## Exercise aim:
Repeat all the data that appears below, keeping it exact.

## Given entries:
<<<<

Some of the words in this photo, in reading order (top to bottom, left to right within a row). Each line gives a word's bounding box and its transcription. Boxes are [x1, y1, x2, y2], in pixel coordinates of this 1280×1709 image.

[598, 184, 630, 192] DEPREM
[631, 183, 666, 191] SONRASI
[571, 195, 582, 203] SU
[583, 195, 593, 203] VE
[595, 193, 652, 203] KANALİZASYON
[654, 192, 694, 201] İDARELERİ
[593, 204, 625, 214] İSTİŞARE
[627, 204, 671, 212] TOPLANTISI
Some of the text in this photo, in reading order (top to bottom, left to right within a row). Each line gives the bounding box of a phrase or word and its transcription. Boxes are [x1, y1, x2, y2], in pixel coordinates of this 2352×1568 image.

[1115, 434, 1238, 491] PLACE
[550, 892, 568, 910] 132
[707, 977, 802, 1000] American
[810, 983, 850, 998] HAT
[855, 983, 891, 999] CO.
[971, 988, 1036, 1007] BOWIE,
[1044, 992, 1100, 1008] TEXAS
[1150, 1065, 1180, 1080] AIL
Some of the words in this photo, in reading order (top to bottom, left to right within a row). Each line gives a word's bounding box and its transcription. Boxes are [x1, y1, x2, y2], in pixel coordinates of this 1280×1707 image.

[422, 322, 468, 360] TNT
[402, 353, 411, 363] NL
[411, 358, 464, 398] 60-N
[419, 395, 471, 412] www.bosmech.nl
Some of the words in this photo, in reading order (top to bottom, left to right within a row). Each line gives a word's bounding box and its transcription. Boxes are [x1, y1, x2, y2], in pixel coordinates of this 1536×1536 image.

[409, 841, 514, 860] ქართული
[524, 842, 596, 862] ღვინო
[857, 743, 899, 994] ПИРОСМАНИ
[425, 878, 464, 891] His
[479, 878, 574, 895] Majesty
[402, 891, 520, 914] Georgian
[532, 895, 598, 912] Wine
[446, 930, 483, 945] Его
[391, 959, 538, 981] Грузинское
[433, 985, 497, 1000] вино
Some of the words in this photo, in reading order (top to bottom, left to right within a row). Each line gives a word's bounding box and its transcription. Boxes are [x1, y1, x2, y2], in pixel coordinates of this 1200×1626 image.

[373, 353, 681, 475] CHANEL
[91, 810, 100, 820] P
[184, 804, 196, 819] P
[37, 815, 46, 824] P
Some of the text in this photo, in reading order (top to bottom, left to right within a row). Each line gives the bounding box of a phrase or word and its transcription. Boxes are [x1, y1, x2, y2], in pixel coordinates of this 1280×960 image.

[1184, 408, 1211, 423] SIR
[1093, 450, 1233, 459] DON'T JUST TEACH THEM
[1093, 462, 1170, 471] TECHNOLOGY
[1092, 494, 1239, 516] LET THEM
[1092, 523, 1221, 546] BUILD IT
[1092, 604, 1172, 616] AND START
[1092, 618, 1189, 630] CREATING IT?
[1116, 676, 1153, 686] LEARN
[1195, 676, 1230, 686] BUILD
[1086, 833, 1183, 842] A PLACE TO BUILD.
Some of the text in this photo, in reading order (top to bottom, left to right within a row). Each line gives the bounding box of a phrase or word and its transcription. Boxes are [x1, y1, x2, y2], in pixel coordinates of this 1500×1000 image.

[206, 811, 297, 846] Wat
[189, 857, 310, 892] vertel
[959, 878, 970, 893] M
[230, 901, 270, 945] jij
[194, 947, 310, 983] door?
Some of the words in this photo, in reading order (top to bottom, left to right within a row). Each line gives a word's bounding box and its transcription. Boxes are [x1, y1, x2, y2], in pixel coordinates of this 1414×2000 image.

>>>>

## Response to the exercise:
Some of the words in this photo, in reading order (top to bottom, left to right within a row). Each line gives a word's bounding box and its transcription. Boxes are [x1, y1, x2, y2], in pixel coordinates of this 1280×1709 image.

[598, 184, 630, 192] DEPREM
[631, 183, 666, 191] SONRASI
[571, 195, 582, 203] SU
[583, 195, 593, 203] VE
[595, 193, 652, 203] KANALİZASYON
[654, 192, 694, 201] İDARELERİ
[593, 204, 625, 214] İSTİŞARE
[627, 204, 671, 212] TOPLANTISI
Some of the text in this photo, in reading order (top to bottom, left to right within a row). Each line gives the bounding box of a phrase or word and its transcription. Boxes are [x1, y1, x2, y2], in pixel coordinates of this 2352×1568 image.

[1115, 434, 1238, 491] PLACE
[550, 892, 568, 910] 132
[707, 977, 802, 1000] American
[810, 983, 850, 998] HAT
[855, 983, 891, 999] CO.
[971, 988, 1036, 1007] BOWIE,
[1044, 992, 1100, 1008] TEXAS
[1150, 1065, 1180, 1080] AIL
Some of the words in this photo, in reading order (top to bottom, left to right within a row). Each line gives a word's bounding box and its transcription. Boxes are [x1, y1, x2, y2], in pixel coordinates of this 1280×1707 image.

[422, 322, 468, 360] TNT
[402, 353, 411, 363] NL
[411, 358, 464, 398] 60-N
[419, 395, 471, 412] www.bosmech.nl
Some of the words in this photo, in reading order (top to bottom, left to right within a row). Each line gives a word's bounding box and its transcription. Boxes are [x1, y1, x2, y2], in pixel coordinates of this 1536×1536 image.

[409, 841, 514, 860] ქართული
[524, 842, 596, 862] ღვინო
[857, 743, 899, 994] ПИРОСМАНИ
[425, 878, 464, 891] His
[479, 878, 574, 895] Majesty
[402, 891, 520, 914] Georgian
[532, 895, 598, 912] Wine
[446, 930, 483, 945] Его
[391, 959, 538, 981] Грузинское
[433, 985, 497, 1000] вино
Some of the words in this photo, in reading order (top to bottom, left to right within a row). Each line gives a word's bounding box and its transcription. Boxes are [x1, y1, x2, y2], in pixel coordinates of this 1200×1626 image.

[373, 353, 681, 475] CHANEL
[91, 810, 100, 820] P
[184, 804, 196, 819] P
[37, 815, 46, 824] P
Some of the text in this photo, in reading order (top to bottom, left to right within a row). Each line gives the bounding box of a phrase or word and its transcription. Boxes are [x1, y1, x2, y2], in pixel coordinates of this 1280×960 image.

[1184, 408, 1211, 423] SIR
[1093, 450, 1233, 459] DON'T JUST TEACH THEM
[1093, 462, 1170, 471] TECHNOLOGY
[1092, 494, 1239, 516] LET THEM
[1092, 523, 1221, 546] BUILD IT
[1092, 604, 1172, 616] AND START
[1092, 618, 1189, 630] CREATING IT?
[1116, 676, 1153, 686] LEARN
[1195, 676, 1230, 686] BUILD
[1086, 833, 1183, 842] A PLACE TO BUILD.
Some of the text in this photo, in reading order (top to bottom, left to right within a row). Each line gives the bounding box of a phrase or word and its transcription. Boxes are [x1, y1, x2, y2], in pixel coordinates of this 1500×1000 image.

[206, 811, 297, 846] Wat
[189, 857, 310, 892] vertel
[959, 878, 970, 893] M
[230, 901, 270, 945] jij
[194, 947, 310, 983] door?
Some of the words in this photo, in reading order (top to bottom, left to right within a row). Each line gives a word's bounding box and its transcription. Boxes are [x1, y1, x2, y2], in pixel coordinates of this 1414×2000 image.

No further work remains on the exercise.